A group of drivers and couriers for Uber, Lyft, and DoorDash launched a new group called Protect App-Based Drivers and Services, which is aimed at passing a ballot initiative in California to counteract the effects of the state’s recently passed gig worker bill. The effort is being supported by the companies, which have vowed to spend $90 million to get the measure passed in 2020.

Assembly Bill 5, which was signed into law by California Gov. Gavin Newsom (D) on September 18th, enshrines the so-called “ABC test” for determining whether someone is a contractor or employee. Legal experts agree the law will make it more difficult for gig economy companies like Uber, Lyft, and DoorDash to classify their drivers and couriers as independent contractors. And the companies have argued that the law represents an existential threat to their business models.
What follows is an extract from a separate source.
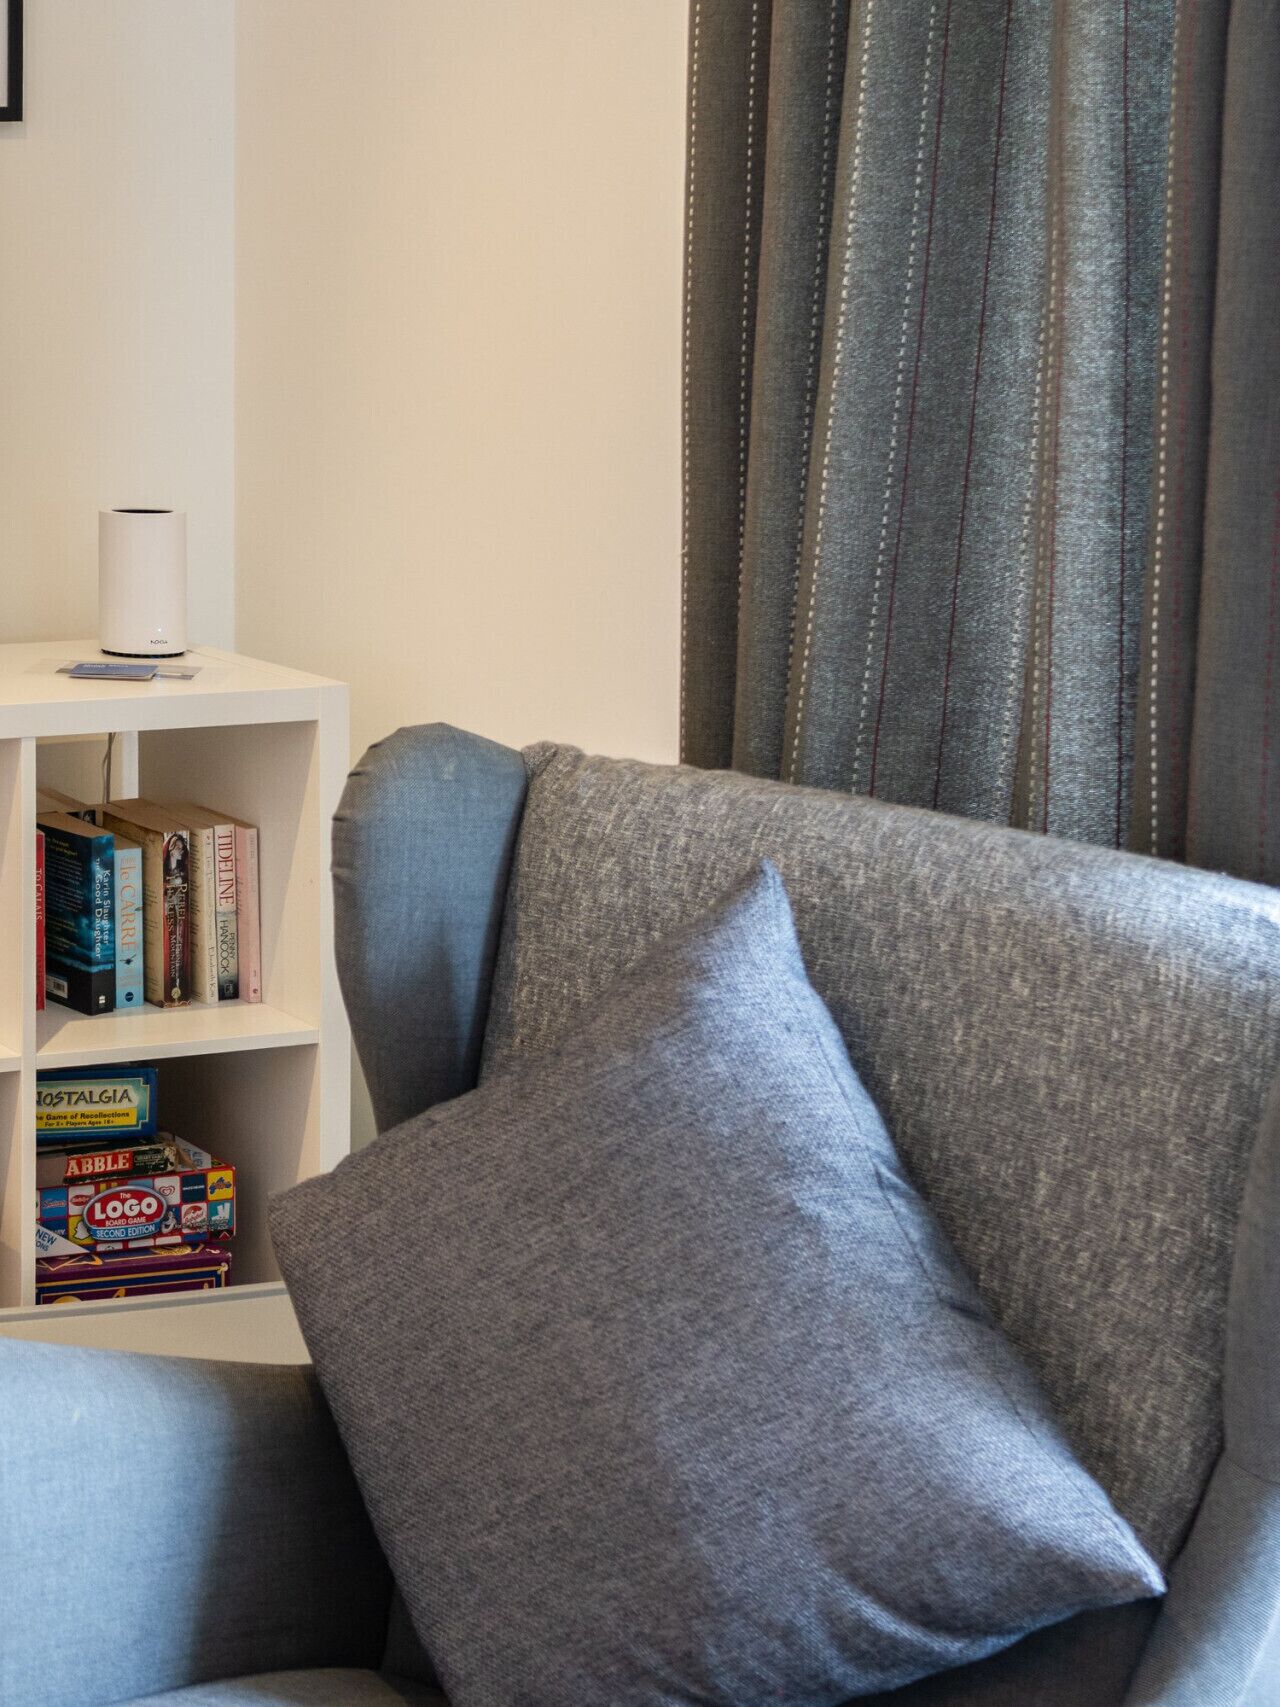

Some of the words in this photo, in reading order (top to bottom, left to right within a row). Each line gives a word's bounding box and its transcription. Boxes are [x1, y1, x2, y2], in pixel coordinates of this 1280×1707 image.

As such, the companies were preparing this contingency plan even before Newsom signed the bill into law. On August 29th, The New York Times reported that Uber, Lyft, and DoorDash would spend $90 million ($30 million each) to pass a ballot initiative that would essentially exempt them from the law. (InstaCart is also involved, but it hasn’t committed to spend any money to support its passage.) The hope was that after striking out with lawmakers and labor groups, the companies could win a reprieve by appealing directly to voters.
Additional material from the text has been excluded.